EXERCISE DETAILS ->
Repeat exactly the lines from the one containing "Some of the words" through the last line of the records below, both included, and nothing else.

MATERIAL PROVIDED ->
==========

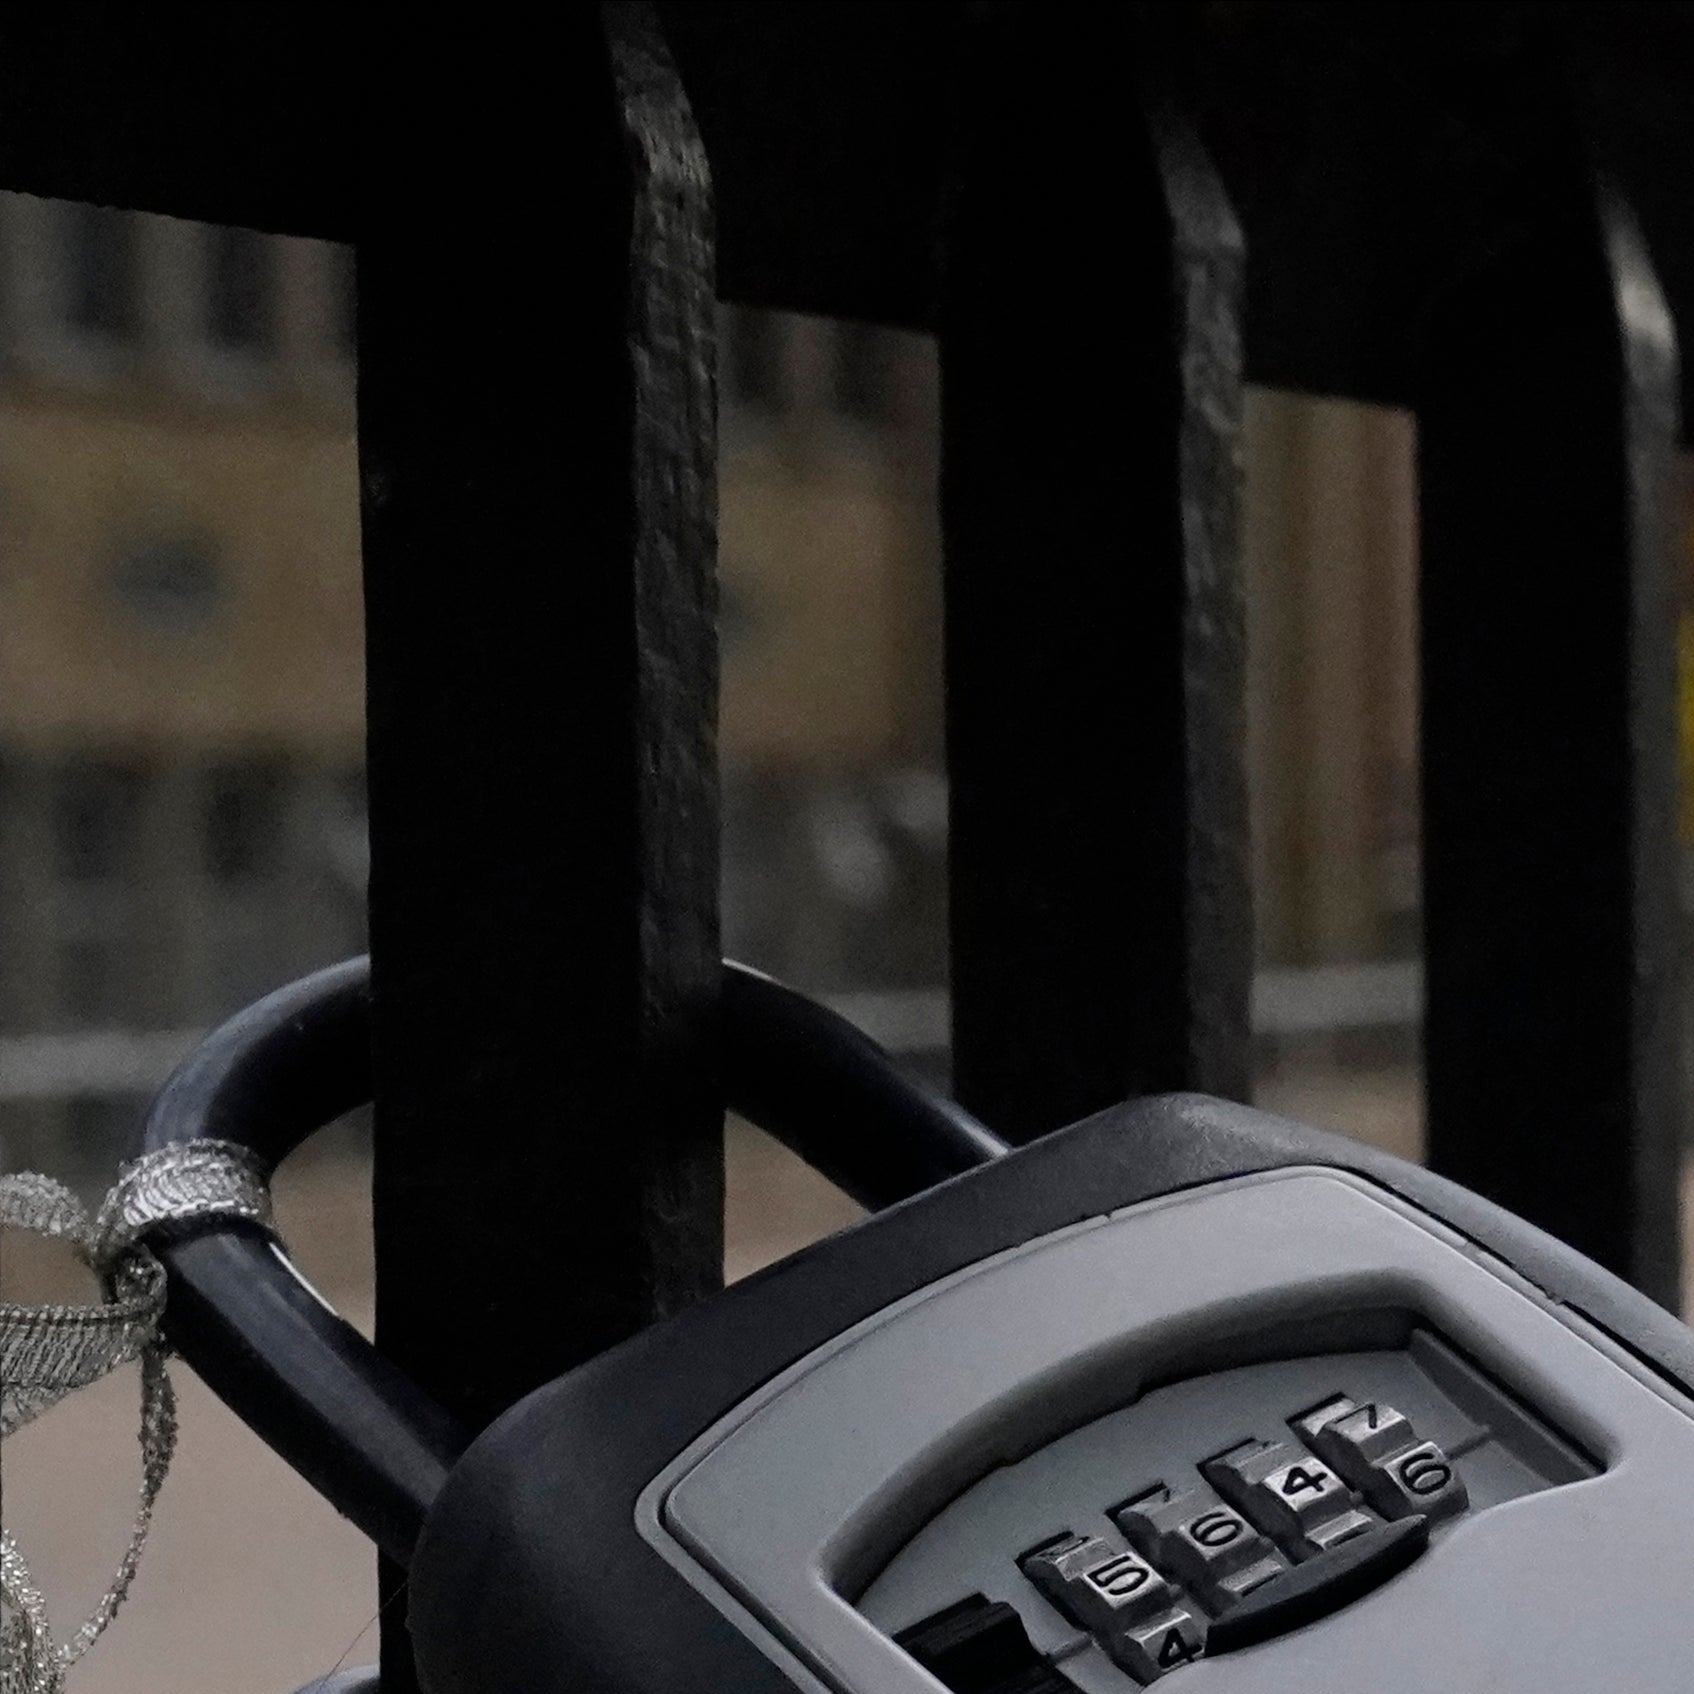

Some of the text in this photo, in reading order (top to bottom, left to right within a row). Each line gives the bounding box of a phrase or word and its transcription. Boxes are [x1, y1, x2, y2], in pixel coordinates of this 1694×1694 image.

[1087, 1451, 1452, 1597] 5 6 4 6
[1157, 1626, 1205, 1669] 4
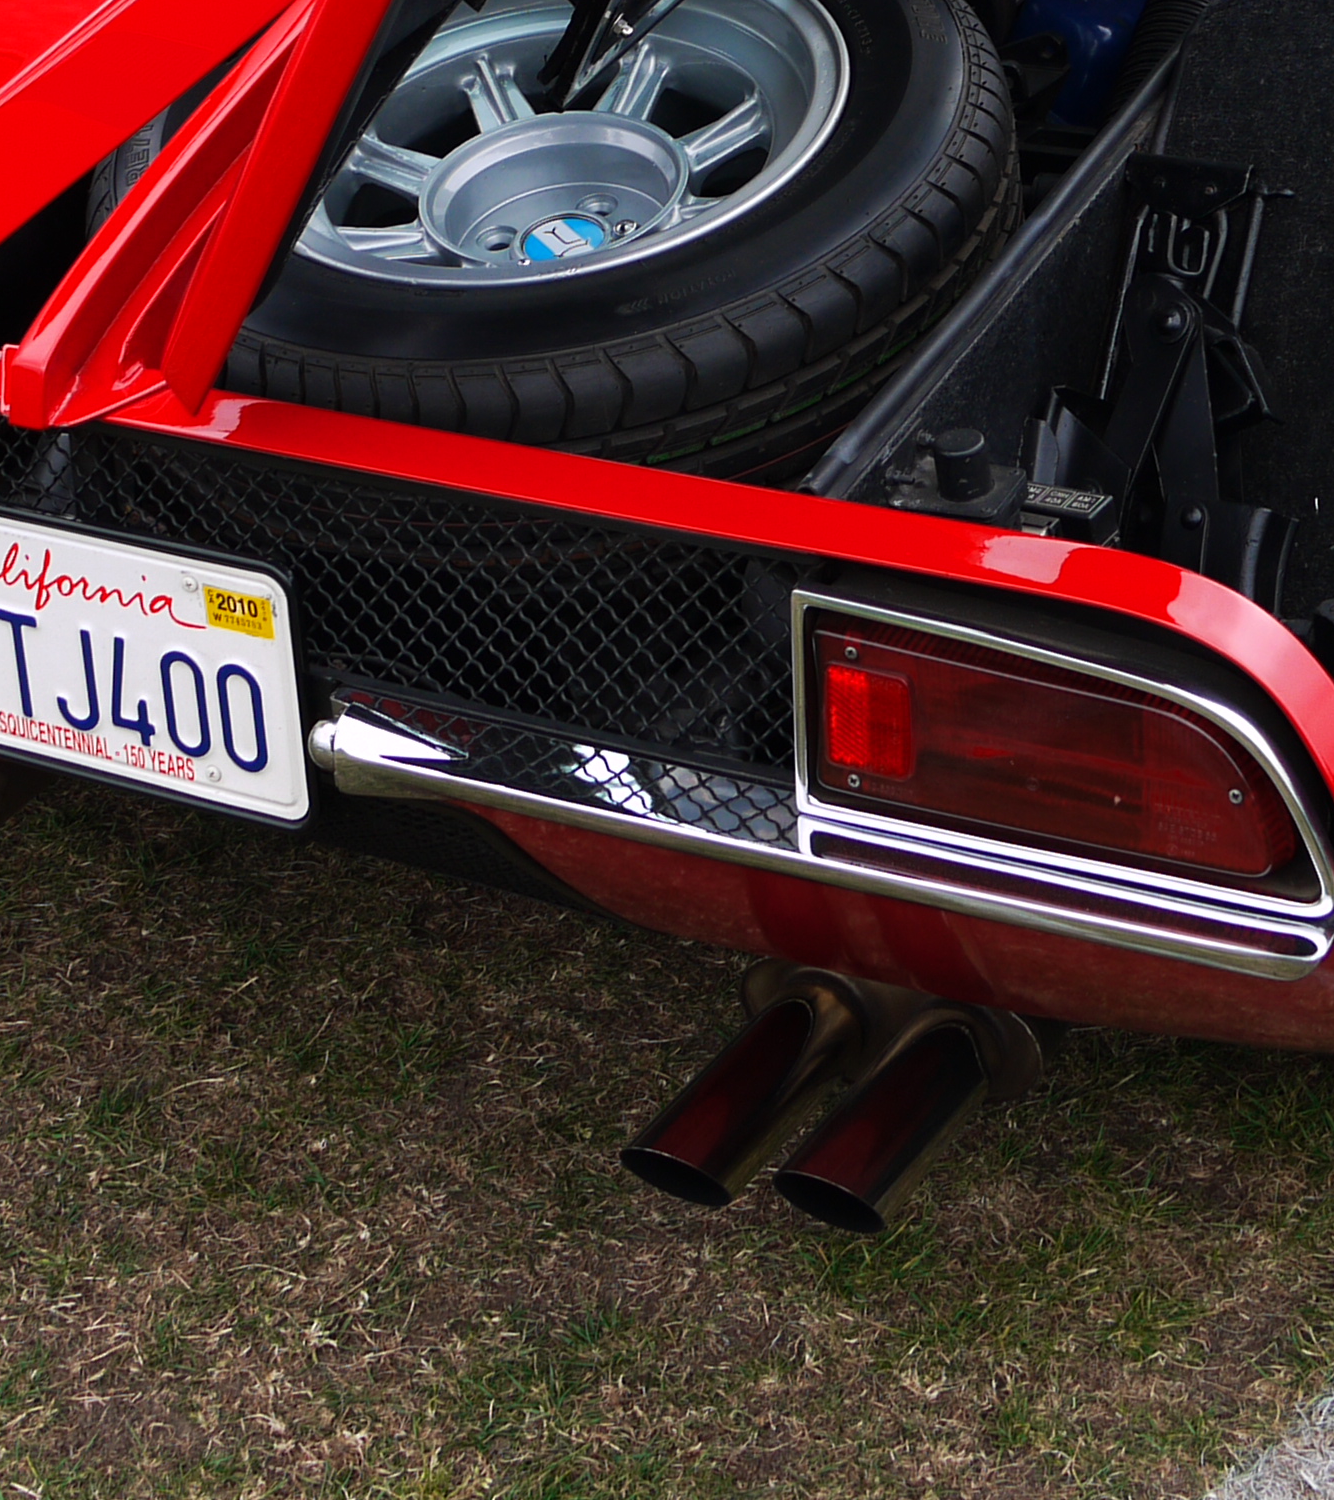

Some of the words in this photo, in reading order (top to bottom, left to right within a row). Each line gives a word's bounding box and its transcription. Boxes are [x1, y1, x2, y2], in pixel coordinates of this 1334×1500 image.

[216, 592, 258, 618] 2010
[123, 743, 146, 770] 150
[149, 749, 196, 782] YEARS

==========

WRITTEN ANSWER ->
Some of the words in this photo, in reading order (top to bottom, left to right within a row). Each line gives a word's bounding box and its transcription. Boxes are [x1, y1, x2, y2], in pixel coordinates of this 1334×1500 image.

[216, 592, 258, 618] 2010
[123, 743, 146, 770] 150
[149, 749, 196, 782] YEARS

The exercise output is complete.